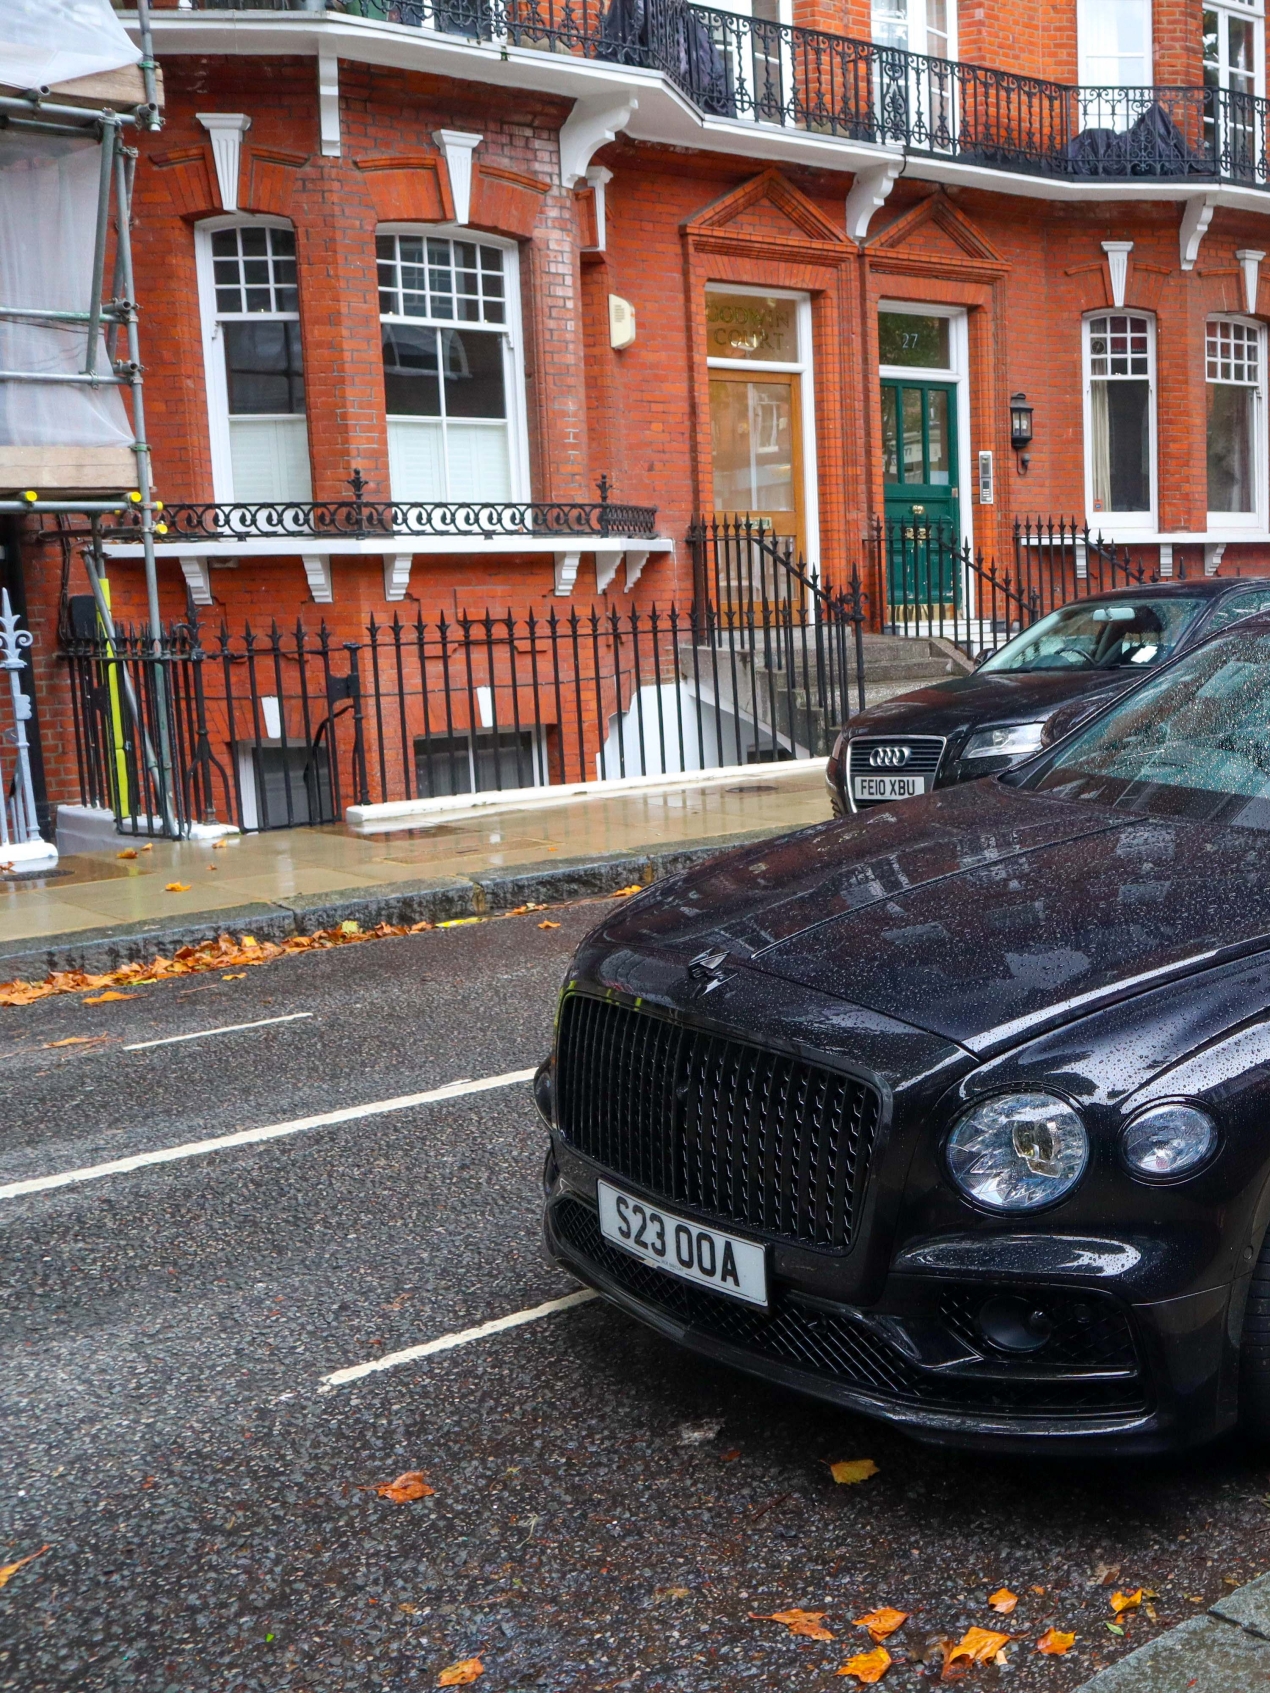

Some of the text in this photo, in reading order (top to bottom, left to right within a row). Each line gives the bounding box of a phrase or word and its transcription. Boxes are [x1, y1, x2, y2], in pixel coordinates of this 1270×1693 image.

[902, 332, 919, 349] 27
[860, 779, 916, 796] FE10 XBU
[616, 1195, 666, 1258] S23
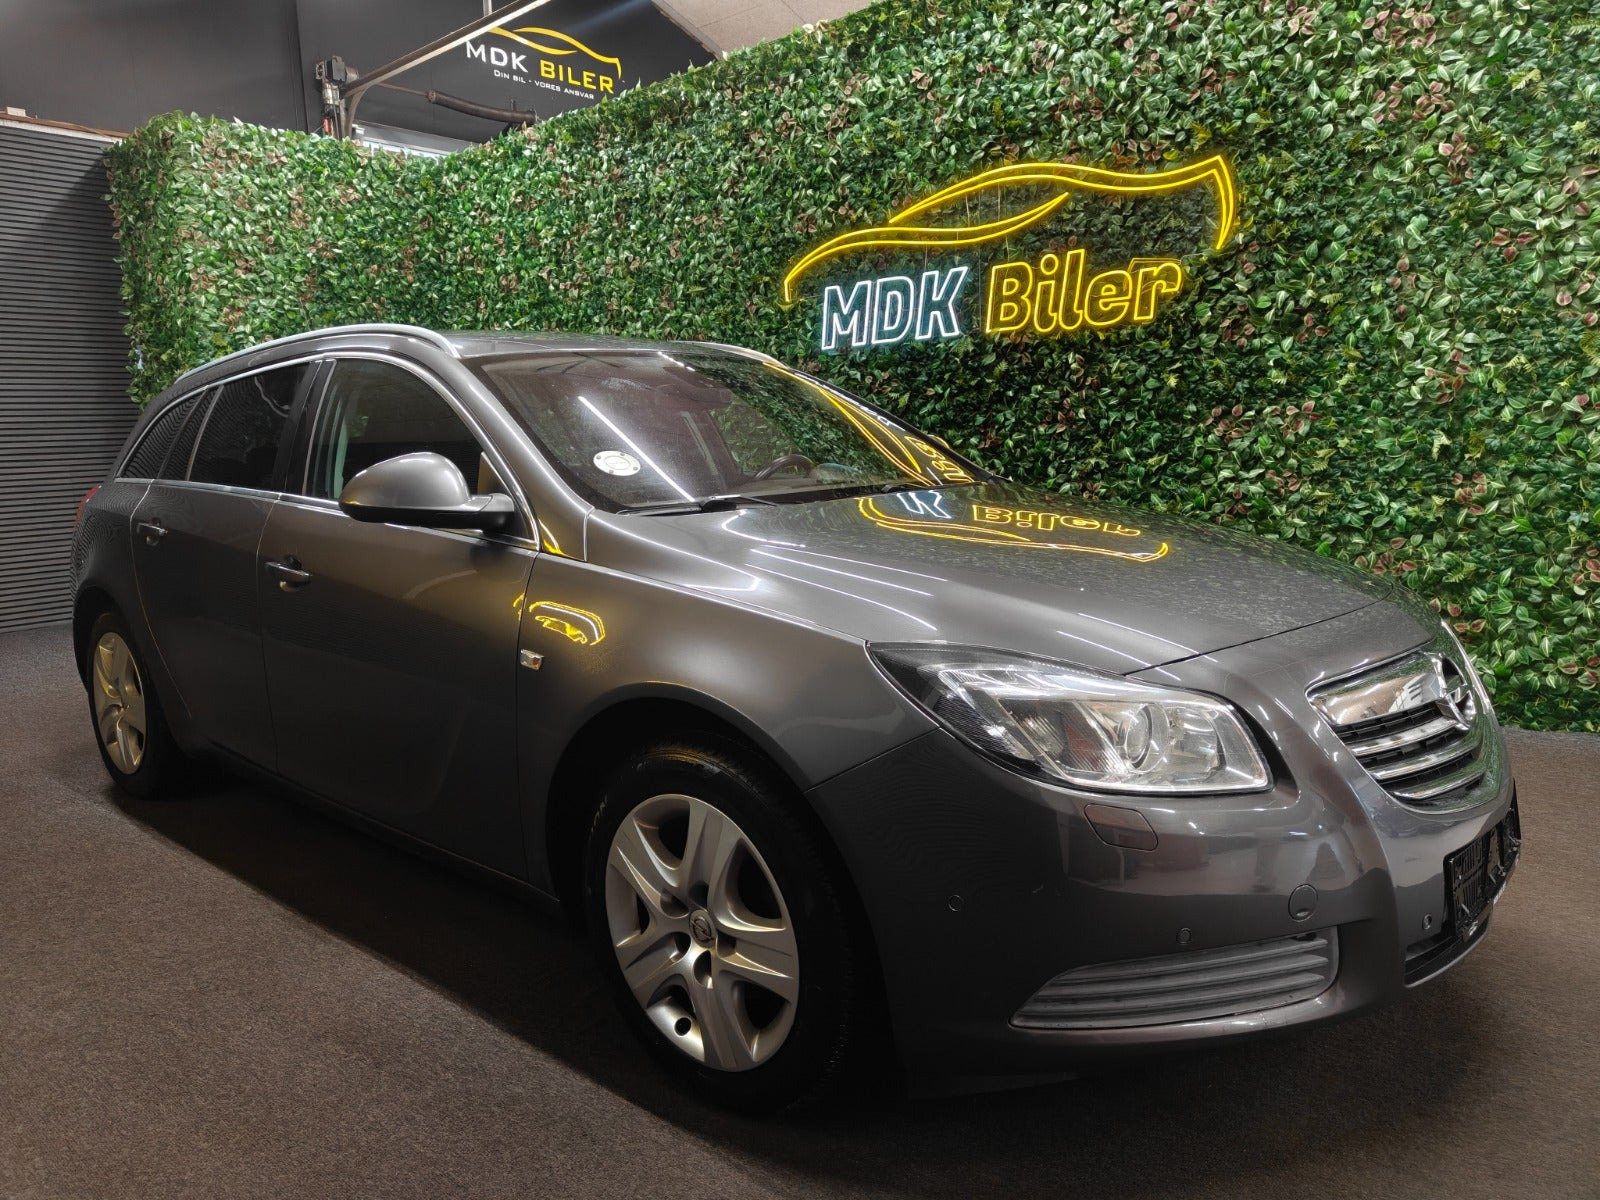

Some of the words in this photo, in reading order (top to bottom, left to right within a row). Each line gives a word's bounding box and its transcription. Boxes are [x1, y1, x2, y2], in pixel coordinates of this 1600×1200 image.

[466, 40, 528, 73] MDK
[539, 59, 614, 94] BILER
[512, 75, 526, 84] BIL
[534, 80, 561, 92] VORES
[563, 87, 595, 100] ANSVAR
[821, 265, 969, 351] MDK
[985, 248, 1183, 334] Biler

○ ○ ○

§ Exercise prompt
The records above are to be transcribed word for word. Skip the images.

§ Answer
Some of the text in this photo, in reading order (top to bottom, left to right within a row). Each line gives the bounding box of a phrase or word and its transcription. Boxes are [x1, y1, x2, y2], in pixel coordinates of this 1270×1693 image.

[902, 332, 919, 349] 27
[860, 779, 916, 796] FE10 XBU
[616, 1195, 666, 1258] S23

Some of the words in this photo, in reading order (top to bottom, left to right within a row). Each line gives a word's bounding box and its transcription. Boxes are [x1, y1, x2, y2], in pixel coordinates of this 1600×1200 image.

[466, 40, 528, 73] MDK
[539, 59, 614, 94] BILER
[512, 75, 526, 84] BIL
[534, 80, 561, 92] VORES
[563, 87, 595, 100] ANSVAR
[821, 265, 969, 351] MDK
[985, 248, 1183, 334] Biler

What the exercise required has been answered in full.